Two CBS researchers receive Elite Research Travel Grants
Anika Schröder from the Department of Digitalization explains what her project is about:
My industrial PhD project concerns the green transformation of the agri-food industry. Not only is the agri-food industry a major contributor to climate change (one third of GHG-emissions), but there is also the risk that we may run out of topsoil, which is needed for 95% of our food production. Therefore, a change is called for. How this change might come about, is the subject I will investigate in my PhD project.
More specifically, my PhD project analyses how digital technologies and data can be used to further sustainability. My emphasis is on how digital ecosystems enable the green transition of industries with physical (perishable) goods. Thus, the project investigates how value chains are reconstructed and how these digital ecosystems enable value generation towards more sustainability.
My collaboration with the food and agricultural firm, FOSS Analytics, comes with the advantage of already established relationships to most stakeholders and various data points along the entire agri-food supply chain.
How will this grant support your project?
The grant affords me an extended stay abroad, more specifically, in New Zealand, at the University of Auckland. Even though New Zealand only produces 0.2% of the world’s total greenhouse gas emissions, almost half of their emissions stem from the agricultural sector.
New Zealand was one of the first countries to pledge a carbon-neutral future, and so, they have a great interest in, and they have conducted much research on the reduction of carbon emissions related to the agri-food industry. On the one hand, my residency will help boost Denmark's global climate agenda, an agenda also centrally anchored in the strategy of Copenhagen Business School. On the other hand, my stay will strengthen the development of theories and a potential green digital transformation with the help of top-researchers like Michael Myers and others from the Department of Information Systems & Operations Management at Auckland University.
My residency will also be of great importance to FOSS, as New Zealand is, among other things, the world’s largest exporter of whole milk powder and butter, and 85% of their dairy products are analysed using FOSS instruments.
Receiving this grant is a great honour and it shows that industry collaborations, such as an industrial PhD, is important if we wish to tackle societal challenges like a sustainable transformation of our food system. My passion for food and sustainability is at the core of this PhD project, and I wish to create a long-lasting sustainable impact on the agri-food industry.
Christine Dyhrberg Højgaard from the Department of Management, Politics and Philosophy explains what her project is about:
I study the organisation of voluntariness in open and non-hierarchical networks that use social media as coordinating platforms in their efforts to solve societal problems.

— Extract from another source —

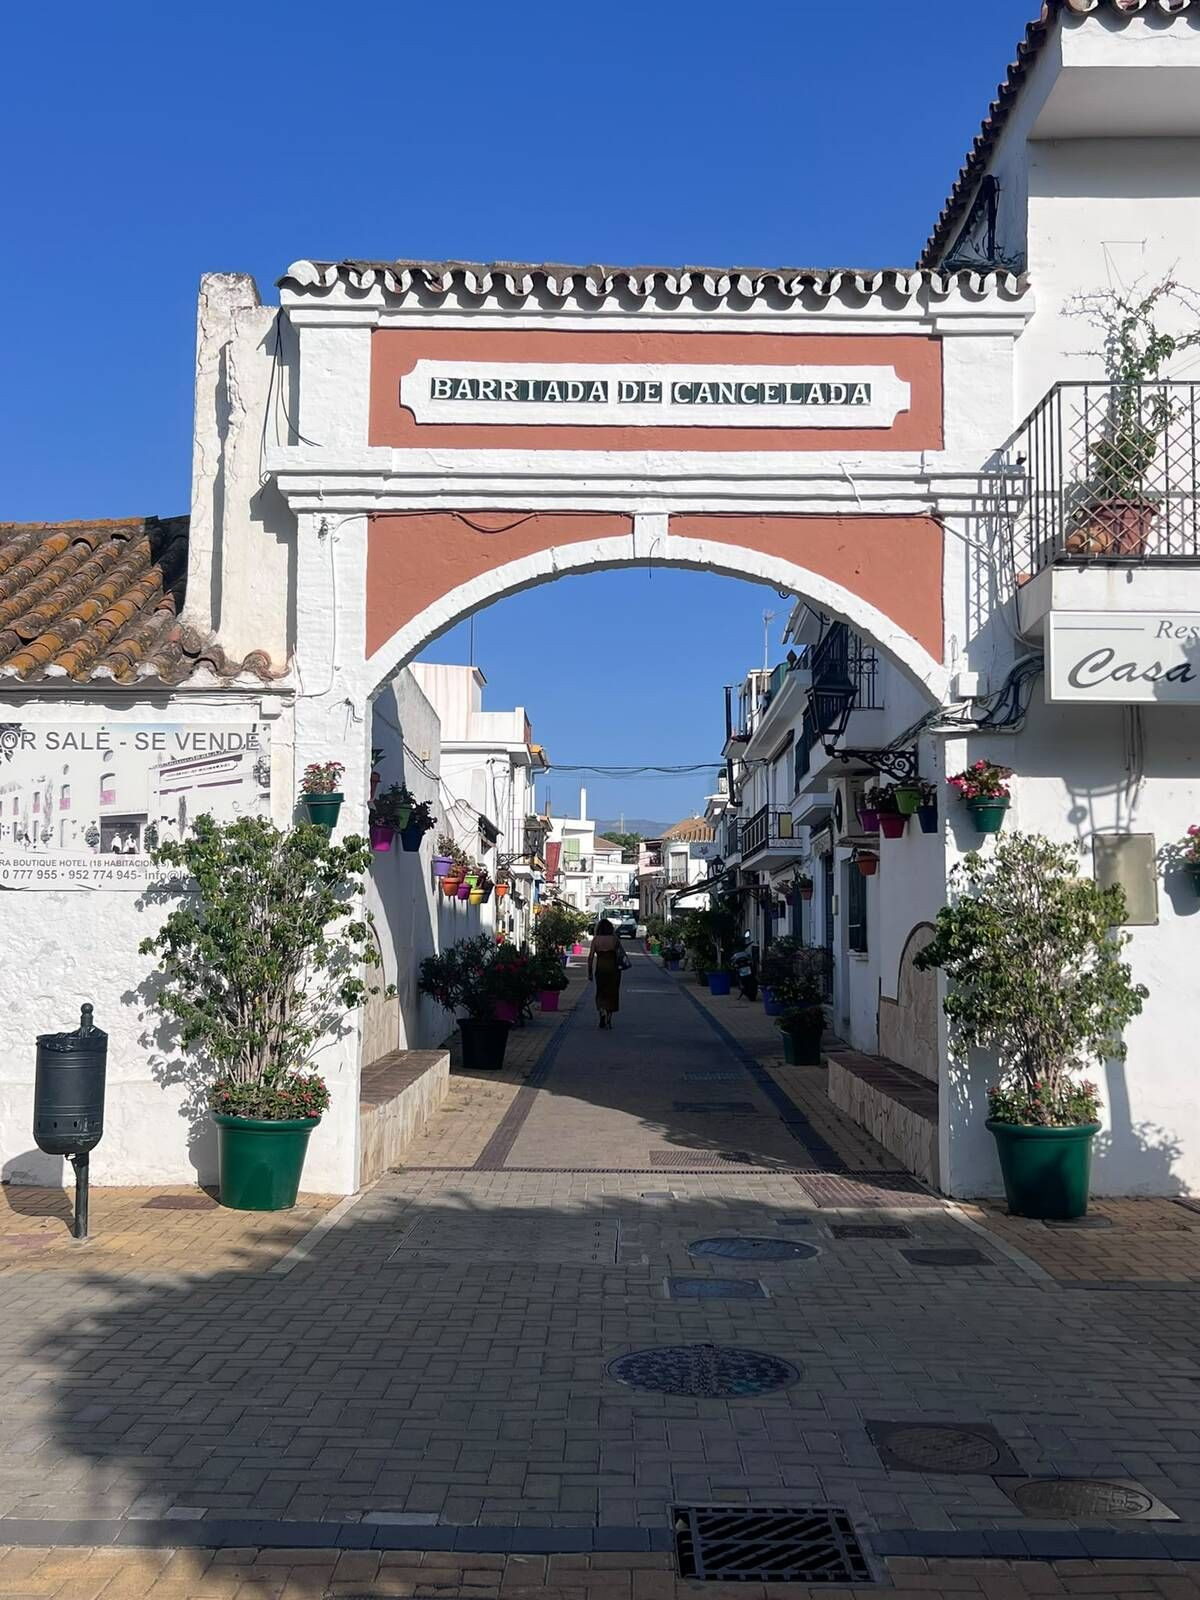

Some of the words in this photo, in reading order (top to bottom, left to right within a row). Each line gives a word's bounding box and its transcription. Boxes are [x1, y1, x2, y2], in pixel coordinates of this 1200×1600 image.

These flexible organisational structures have become more widespread – not least during the Covid-19 pandemic. However, despite the growth of such formats, researchers of voluntariness are still not able to explain how they generate results. Which is why I examine how they succeed in acting as a collective, despite the lack of formal structures in a legal sense. And I am interested in the importance of the framework in this type of engagement.
Thus, my research differs from existing research on voluntariness, which has primarily been interested in individual actions and motivations inside these new formats, but not in how they organise coordinated collective actions. Furthermore, research on civil society tends to emphasise the mobilising qualities of social media, while there is an inadequate focus on the technology and how it, in and of itself, generates organisation – like when, for instance, Facebook’s digital architecture creates a hierarchy between administrators and other members.
How will this grant support your project?
During my six-months residency at Stanford University, I will become part of two research environments, which affords me unique possibilities to examine the intersection between organisational and voluntariness studies. Partly, through the traditional network of the Scandinavia Consortium for Organization Studies, which attracts both external and internal experts. And partly, through the Center on Philanthropy and Civil Society, where they conduct very exciting research on digital civil society.
My residency at Stanford University is particularly important, because up until now, Covid-19 has restricted my contact with external research environments. By way of example, on only one occasion during my PhD have I had access to the profound external academic sparring enabled by the personal meeting. Which is why this residency is particularly important in terms of challenging my thinking to move in directions other than those my familiar research environment would suggest.
This grant will also enable me to bring international knowledge in my field to Denmark. And in collaboration with Tuborgfondet, who financed my PhD, I will make a podcast where I communicate my results to both volunteers and professionals in civil society. I hope that this will aid and support a thriving and diverse civil society, which can contribute to solving societal problems.